Only the lines below from the one containing "this 1904×1428 image." through the one containing "this 1600×1066 image." belong in the answer, set down exactly, with the pictures left out.

DATA TO USE.
= Beginning of Section =

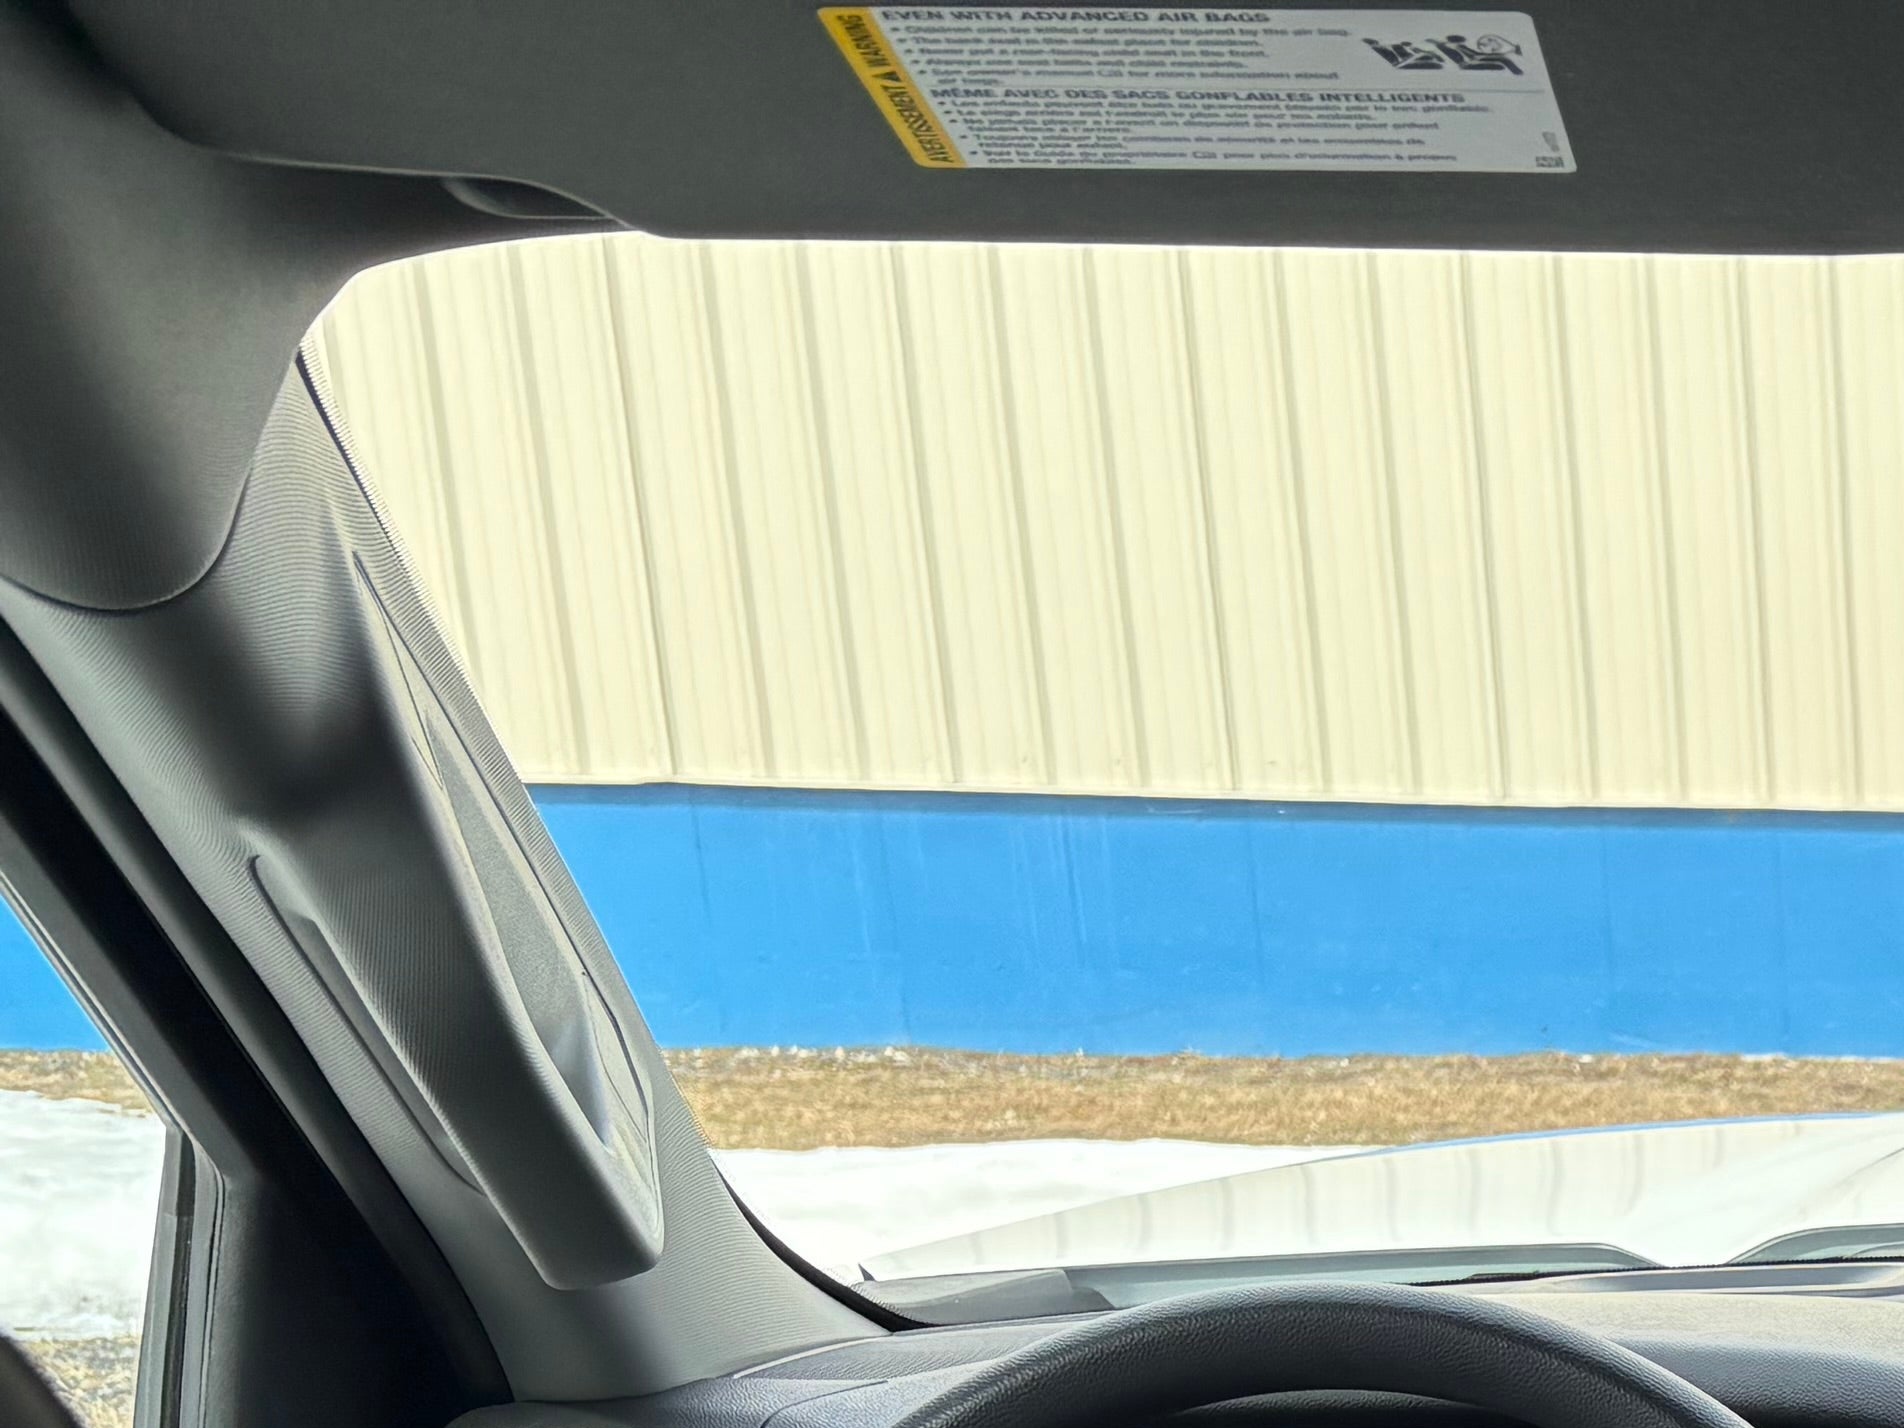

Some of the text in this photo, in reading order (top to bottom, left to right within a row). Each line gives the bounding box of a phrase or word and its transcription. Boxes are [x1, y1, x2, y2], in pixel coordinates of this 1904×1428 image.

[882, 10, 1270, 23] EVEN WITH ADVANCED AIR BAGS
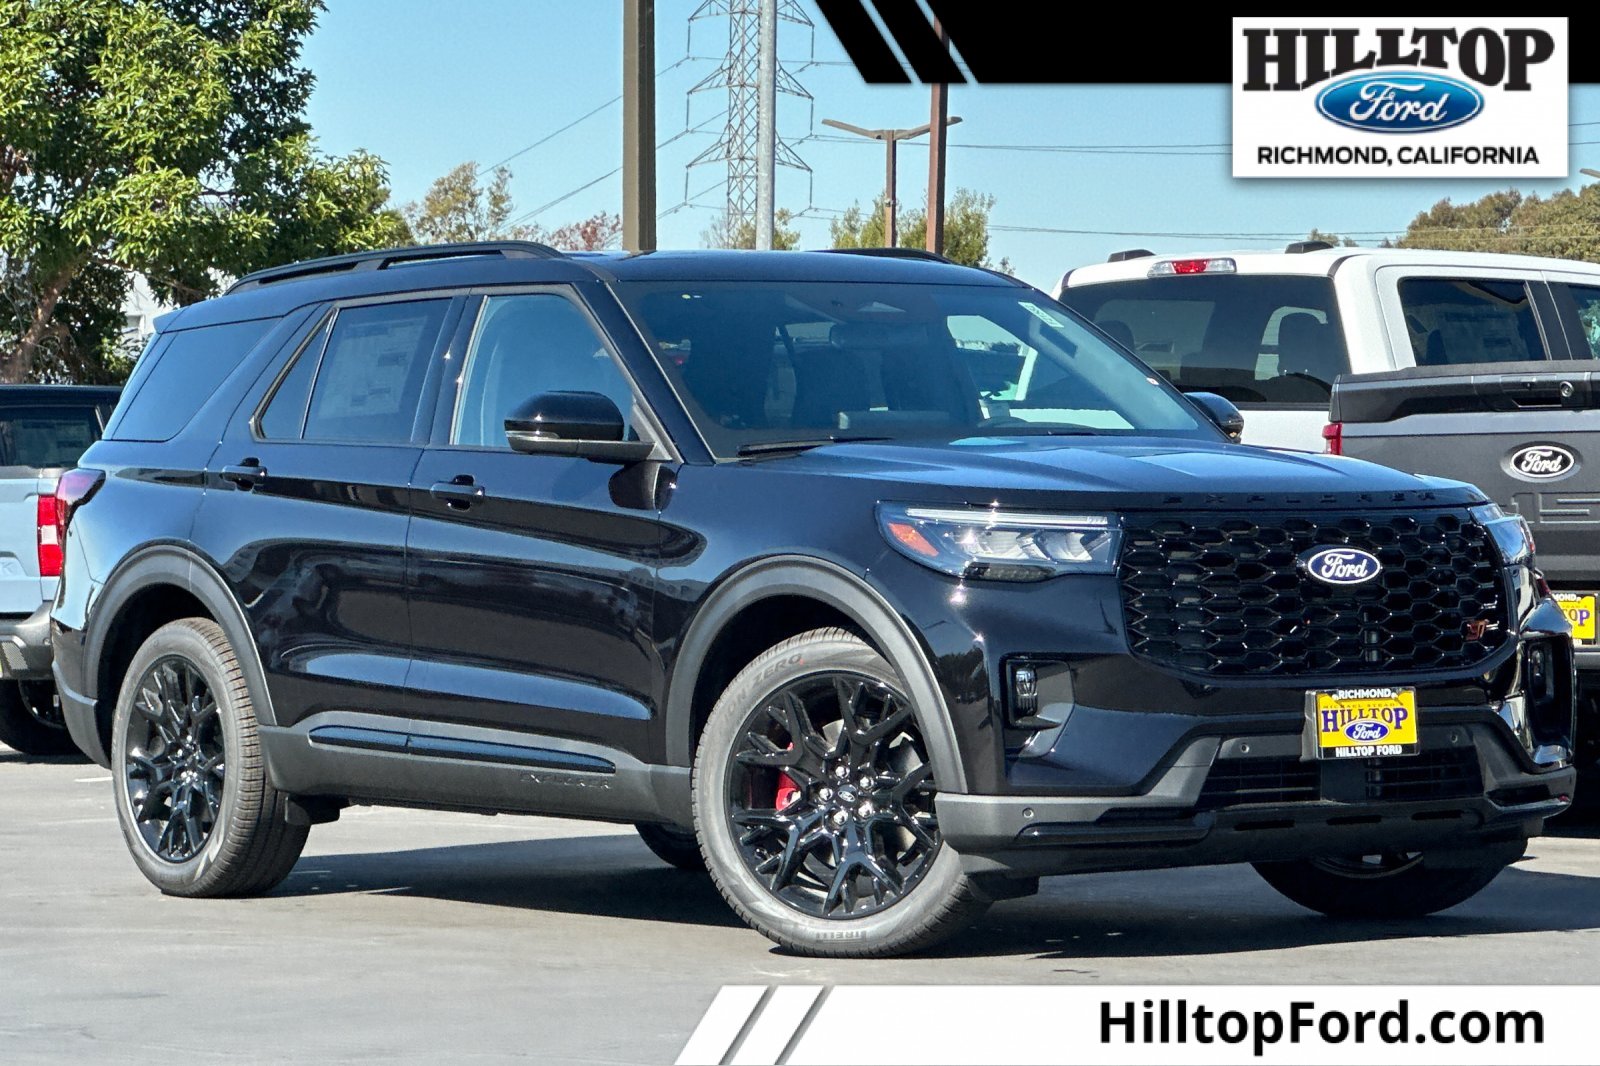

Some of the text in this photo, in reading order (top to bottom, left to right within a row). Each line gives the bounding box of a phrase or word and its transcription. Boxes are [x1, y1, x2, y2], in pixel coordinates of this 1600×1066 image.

= End of Section =
= Beginning of Section =

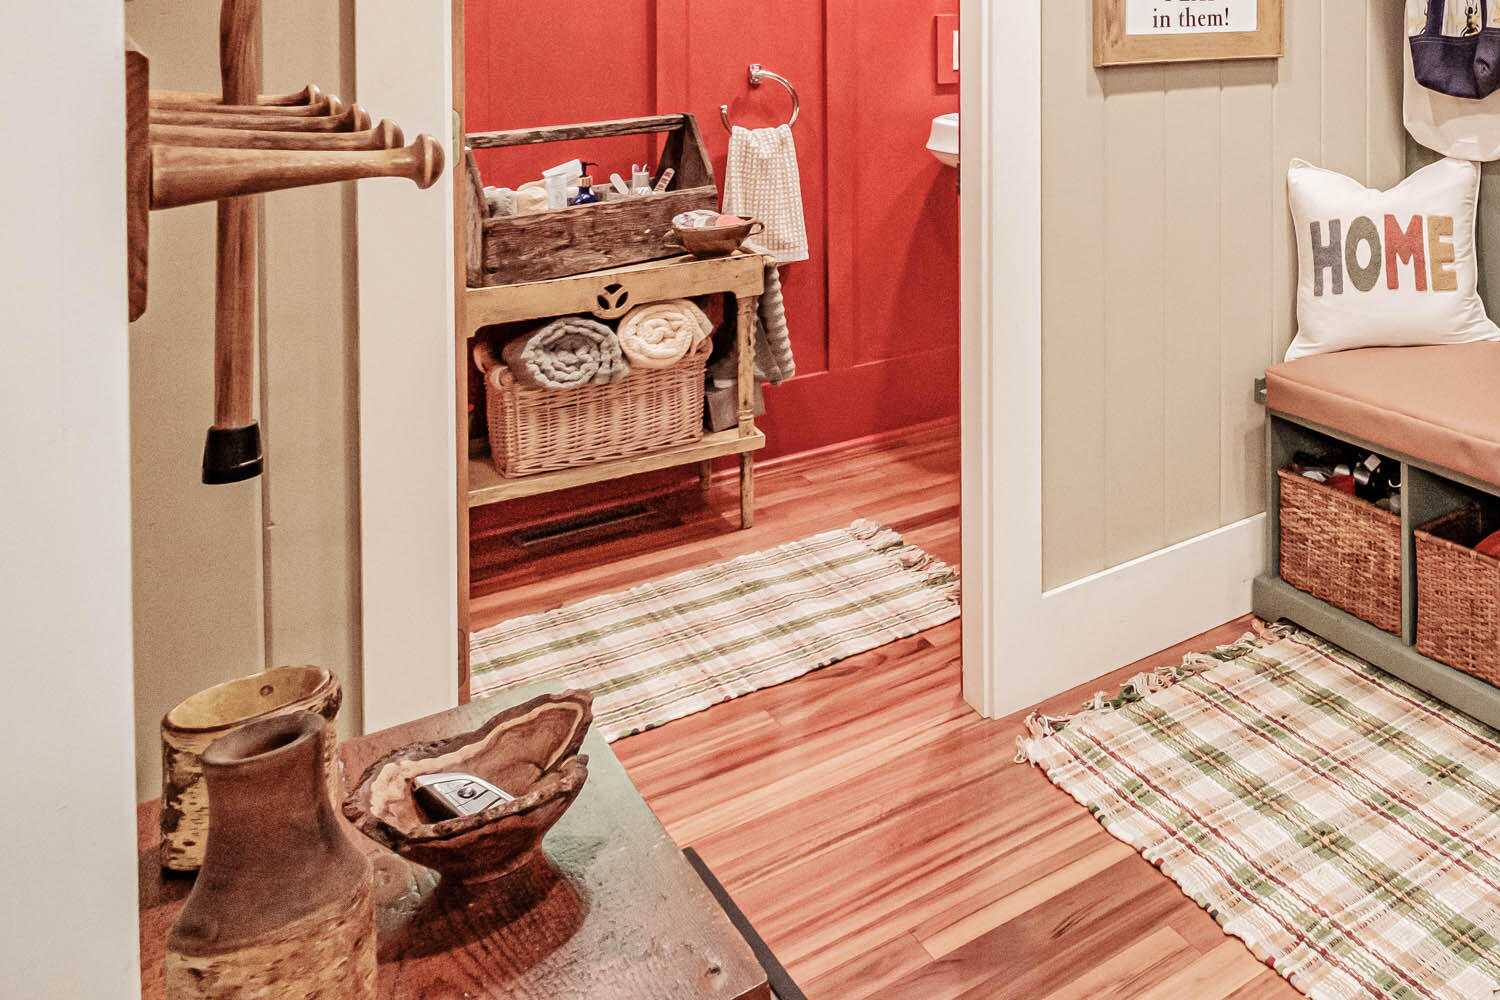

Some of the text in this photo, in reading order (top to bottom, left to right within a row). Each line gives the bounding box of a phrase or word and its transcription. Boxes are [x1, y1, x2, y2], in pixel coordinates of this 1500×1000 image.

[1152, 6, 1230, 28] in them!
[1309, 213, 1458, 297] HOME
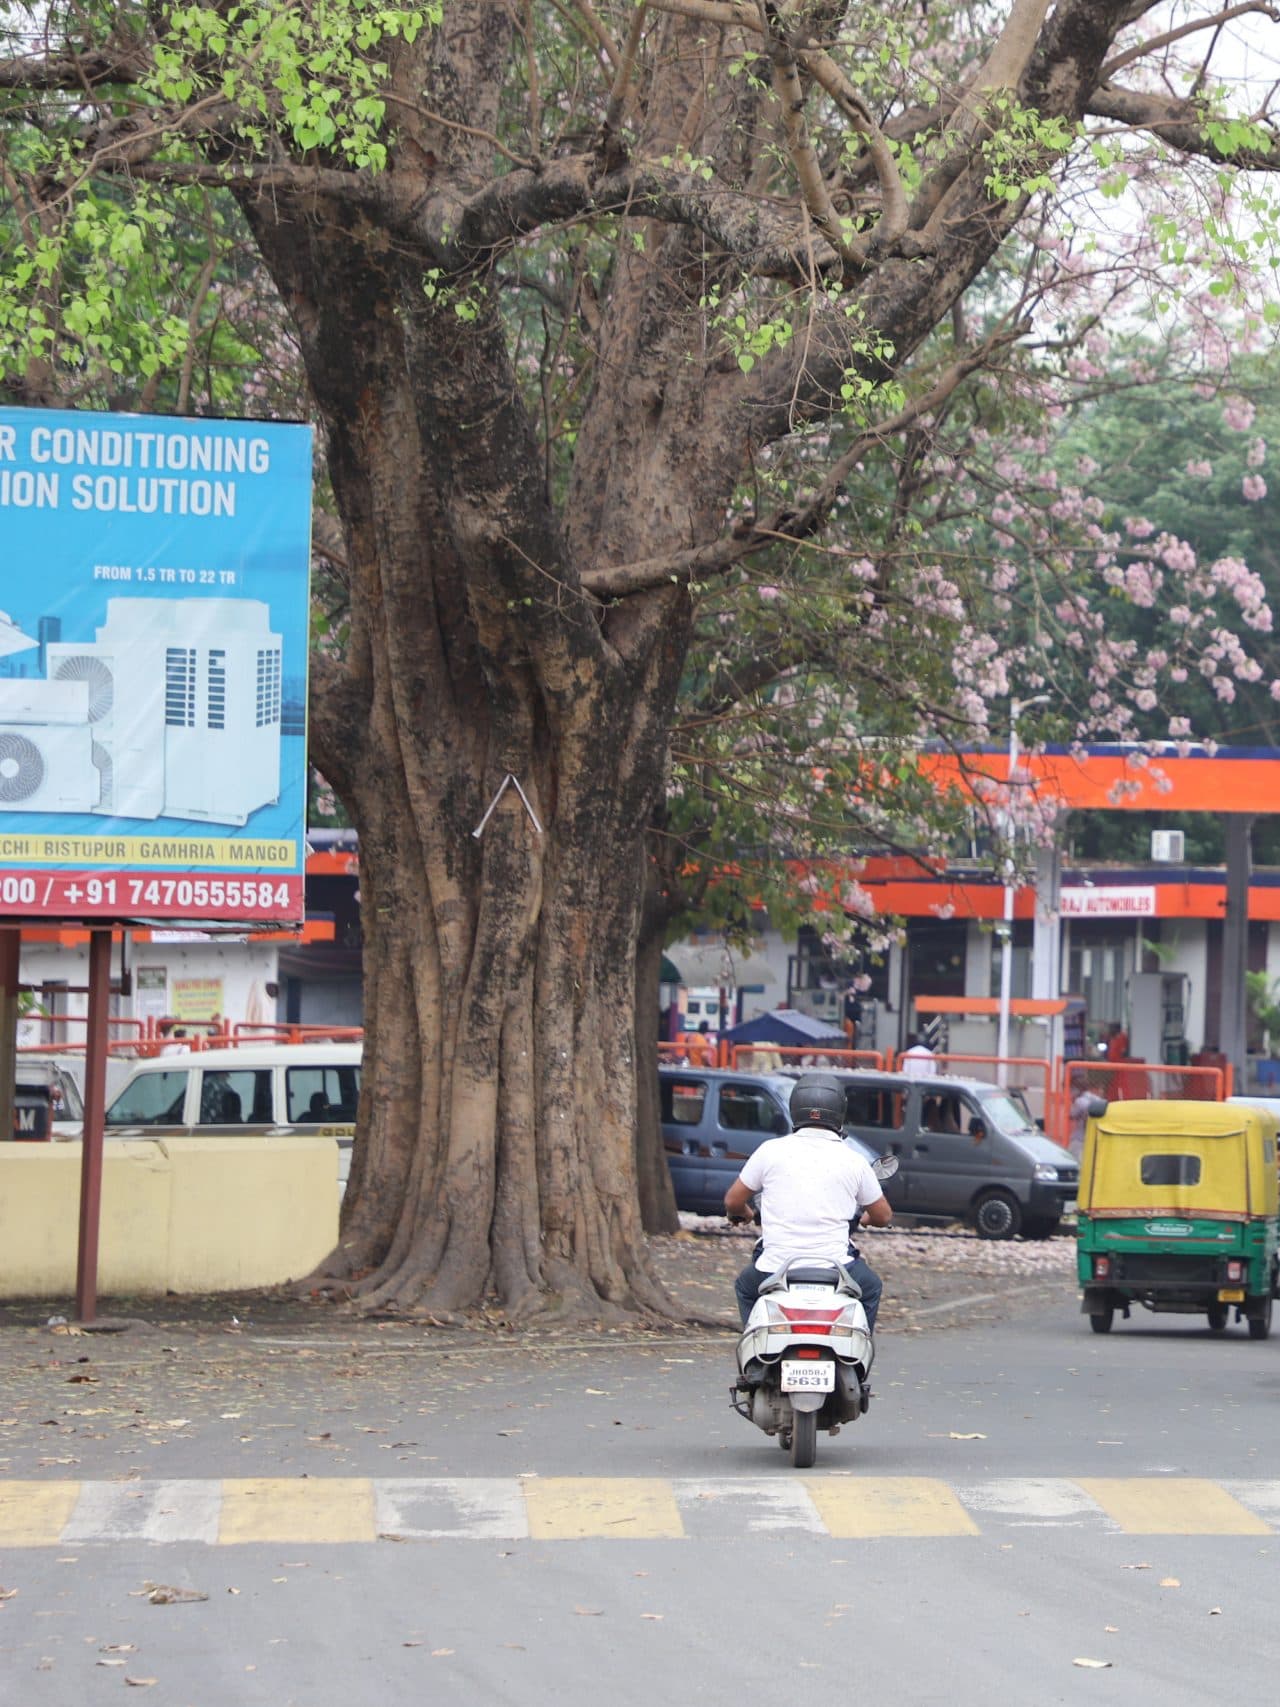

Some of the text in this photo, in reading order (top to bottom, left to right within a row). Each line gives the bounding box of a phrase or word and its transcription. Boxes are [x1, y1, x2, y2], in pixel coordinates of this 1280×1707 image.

= End of Section =

RESULT OF THE EXERCISE.
Some of the text in this photo, in reading order (top to bottom, left to right within a row). Each line gives the bounding box of a phrase or word and its transcription. Boxes are [x1, y1, x2, y2], in pixel coordinates of this 1904×1428 image.

[882, 10, 1270, 23] EVEN WITH ADVANCED AIR BAGS

Some of the text in this photo, in reading order (top to bottom, left to right within a row). Each line gives the bounding box of a phrase or word and its transcription. Boxes are [x1, y1, x2, y2], in pixel coordinates of this 1600×1066 image.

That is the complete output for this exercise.